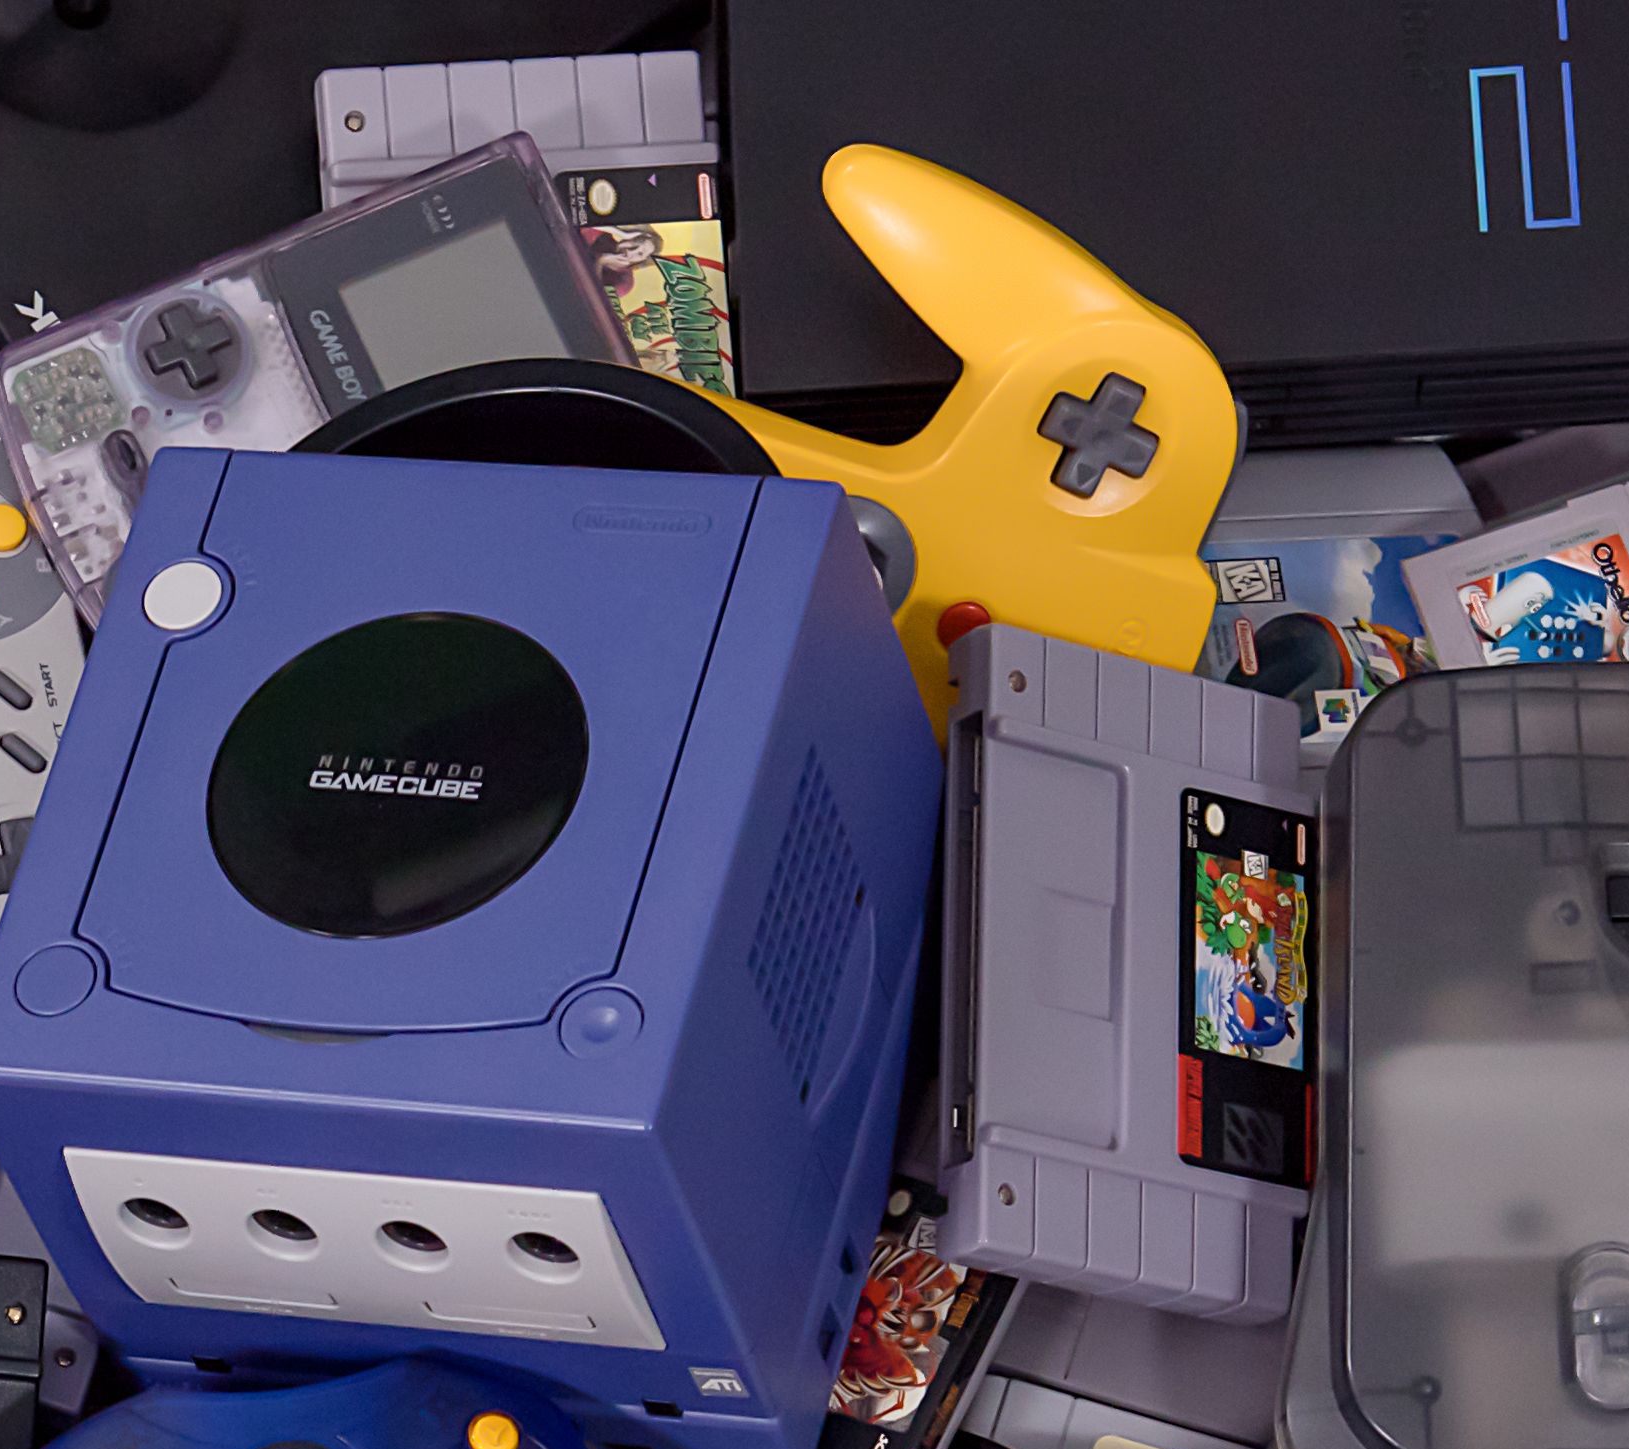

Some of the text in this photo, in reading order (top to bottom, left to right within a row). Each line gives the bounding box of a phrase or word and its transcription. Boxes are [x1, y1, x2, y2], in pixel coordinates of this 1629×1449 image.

[40, 662, 61, 707] START
[319, 755, 485, 780] NINTENDO
[310, 770, 483, 800] GAMECUBE
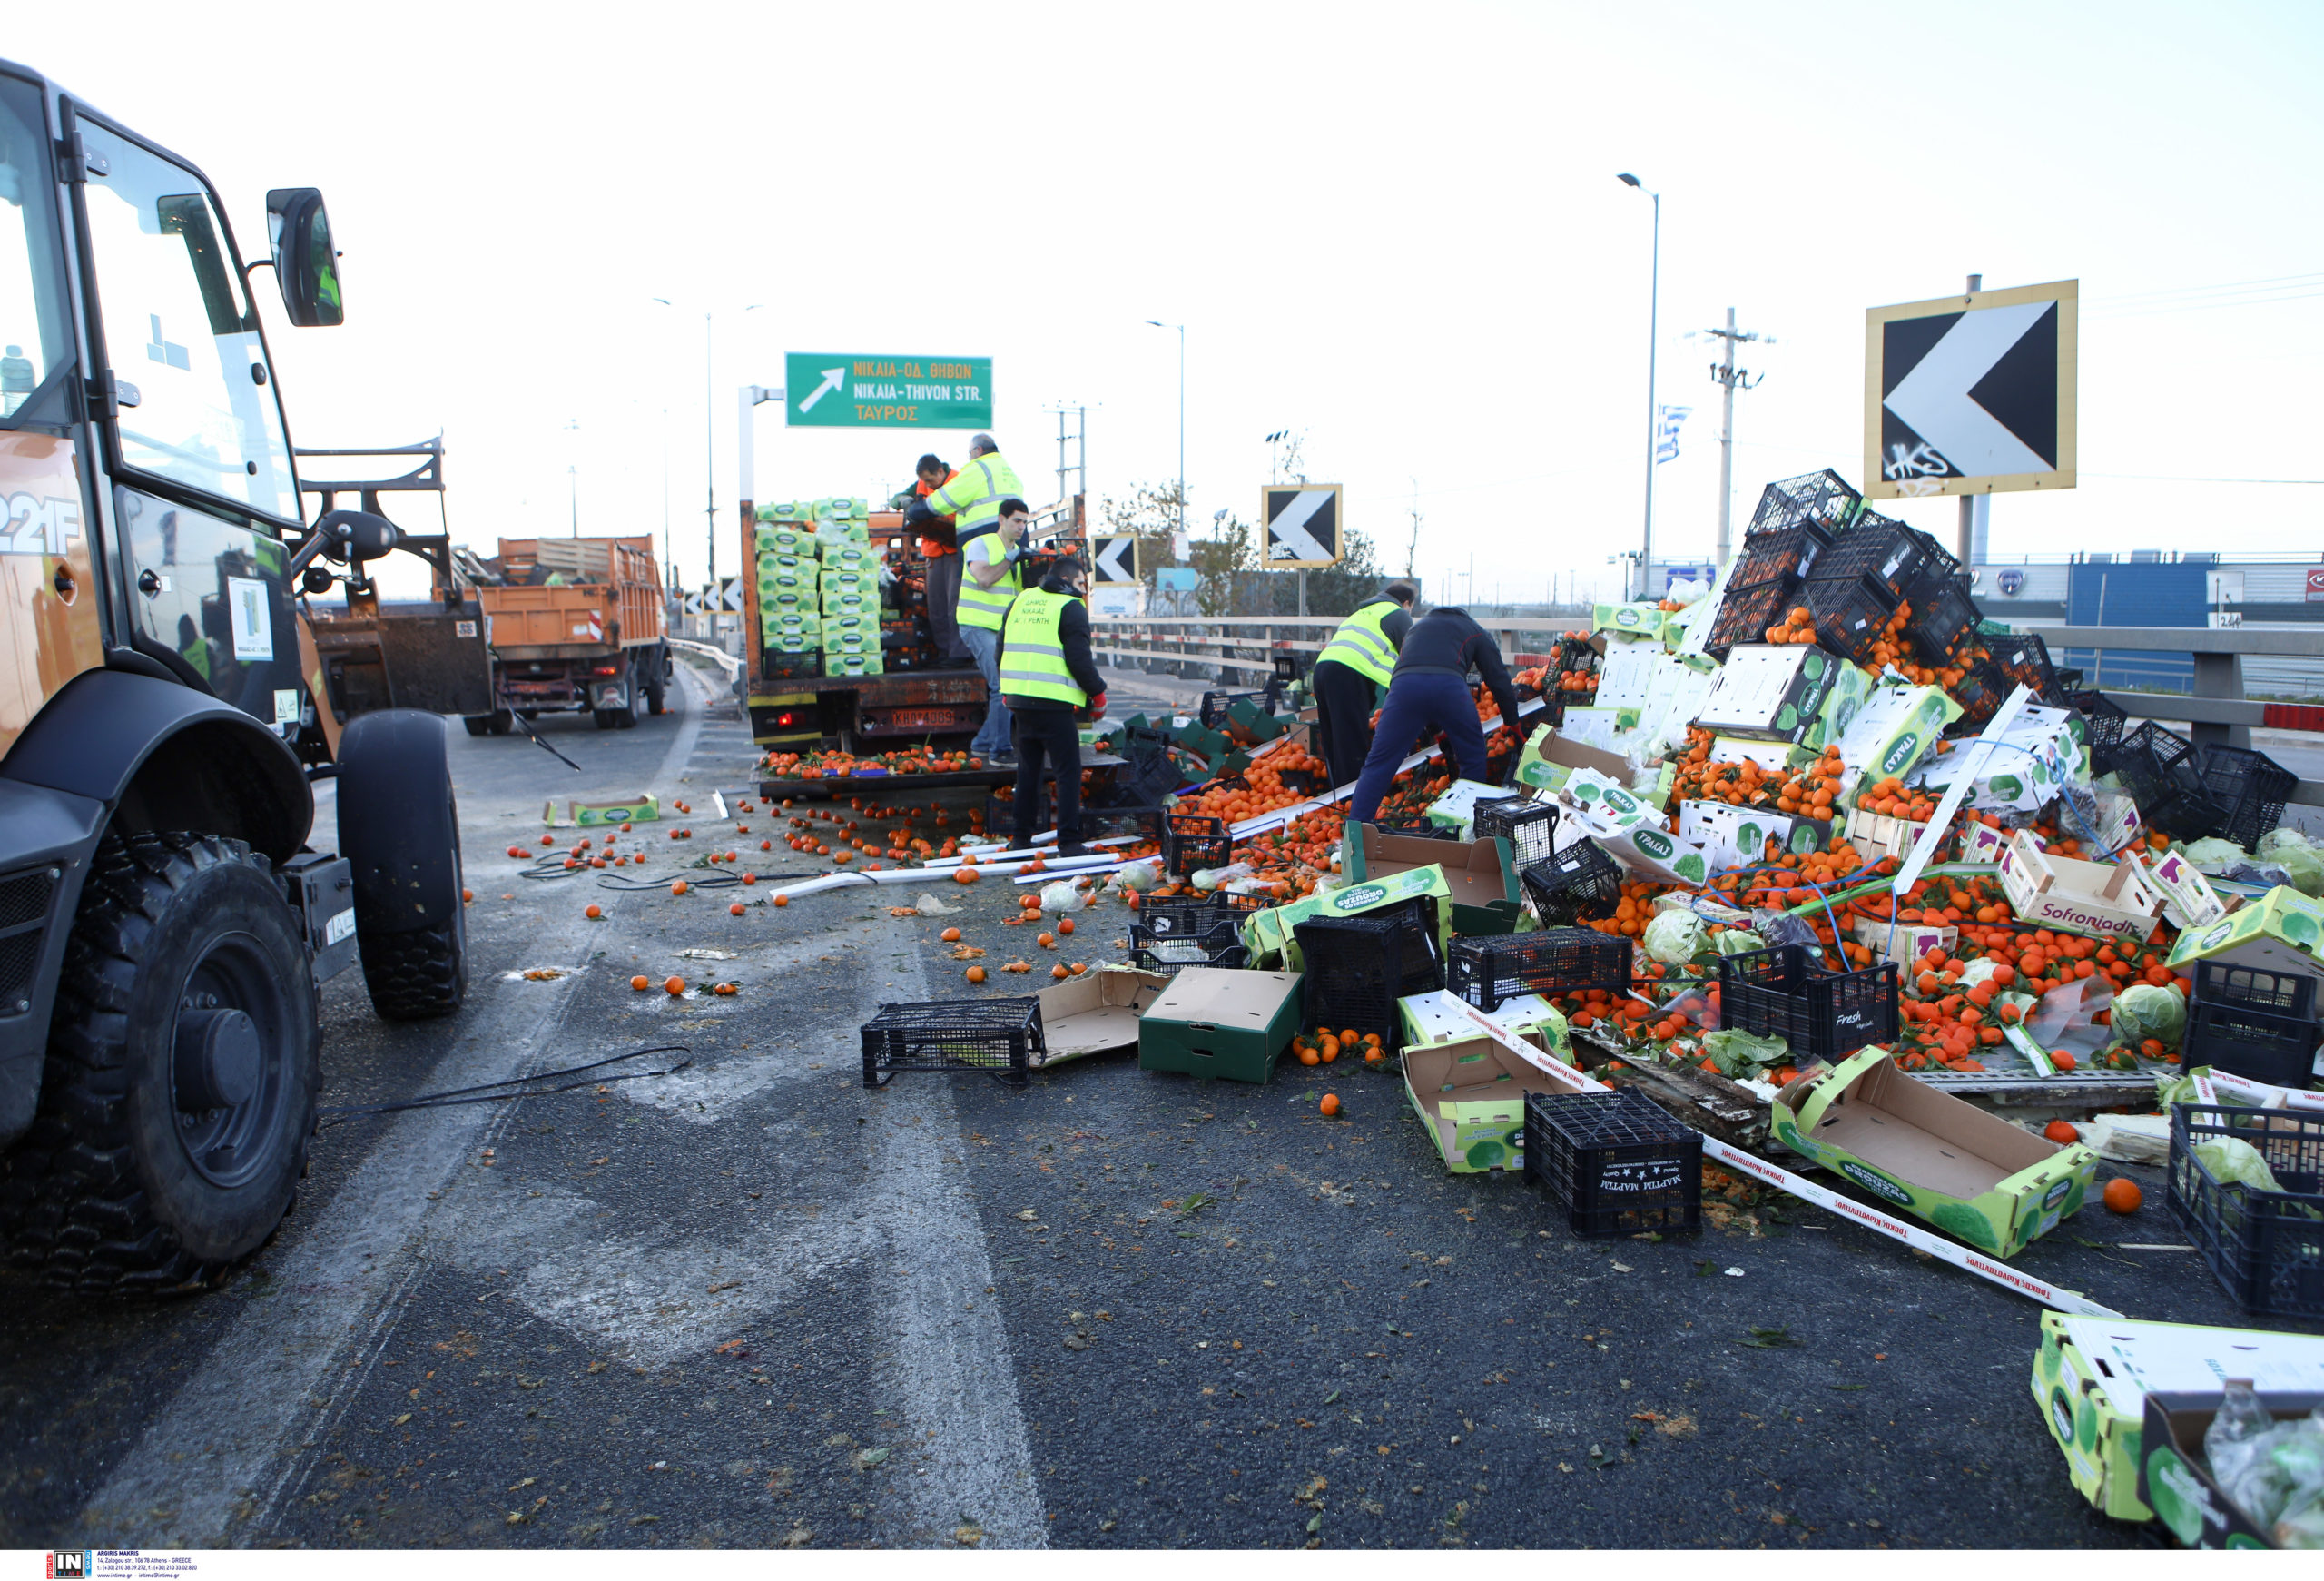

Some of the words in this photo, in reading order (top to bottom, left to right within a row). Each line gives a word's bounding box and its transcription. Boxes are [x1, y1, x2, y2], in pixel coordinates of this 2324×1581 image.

[853, 361, 924, 378] ΝΙΚΑΙΑ-ΟΔ.
[930, 363, 972, 379] ΘΗΒΩΝ
[853, 383, 950, 400] NIKAIA-THIVON
[955, 387, 983, 401] STR.
[855, 405, 918, 421] ΤΑΥΡΟΣ
[1884, 734, 1915, 773] ΤΡΑΚΑΣ
[1638, 832, 1671, 856] ΤΡΑΚΑΣ
[1337, 889, 1384, 906] DROUZAS
[1836, 1010, 1861, 1026] Fresh
[1844, 1163, 1908, 1201] DROUZAS
[1882, 1220, 1907, 1238] Τρακας
[1965, 1256, 2020, 1287] Κωνσταντινος
[2022, 1279, 2052, 1299] Τρακας
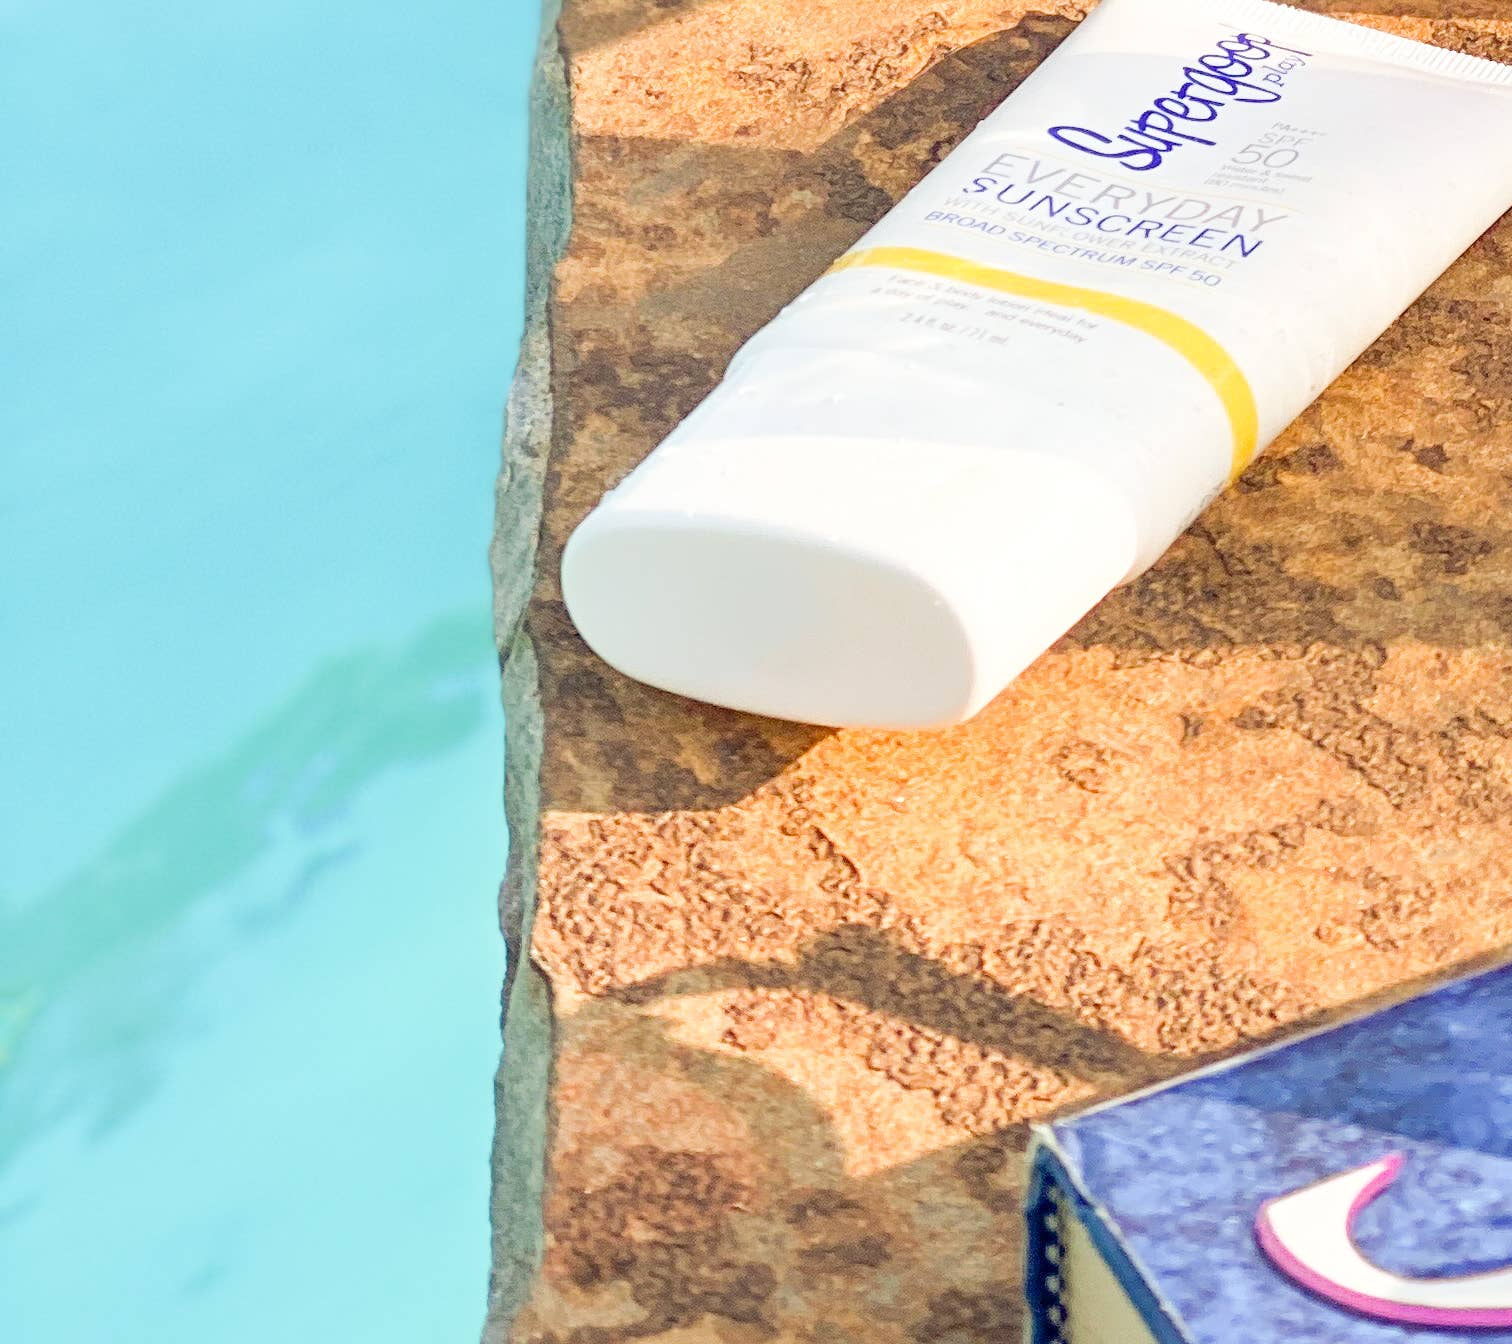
============================================================
TASK STATEMENT: Restate the data word for word while omitting each picture.

EXERCISE OUTPUT:
Some of the text in this photo, in reading order (top to bottom, left to right within a row). Each line gives the bounding box of a phrase or word and its transcription. Boxes are [x1, y1, x2, y2], in pixel coordinates of this 1629×1449 image.

[40, 662, 61, 707] START
[319, 755, 485, 780] NINTENDO
[310, 770, 483, 800] GAMECUBE

Some of the words in this photo, in reading order (top to bottom, left to right within a row). Each line gives a word's bounding box and its transcription. Boxes are [x1, y1, x2, y2], in pixel coordinates of this 2324×1581 image.

[853, 361, 924, 378] ΝΙΚΑΙΑ-ΟΔ.
[930, 363, 972, 379] ΘΗΒΩΝ
[853, 383, 950, 400] NIKAIA-THIVON
[955, 387, 983, 401] STR.
[855, 405, 918, 421] ΤΑΥΡΟΣ
[1884, 734, 1915, 773] ΤΡΑΚΑΣ
[1638, 832, 1671, 856] ΤΡΑΚΑΣ
[1337, 889, 1384, 906] DROUZAS
[1836, 1010, 1861, 1026] Fresh
[1844, 1163, 1908, 1201] DROUZAS
[1882, 1220, 1907, 1238] Τρακας
[1965, 1256, 2020, 1287] Κωνσταντινος
[2022, 1279, 2052, 1299] Τρακας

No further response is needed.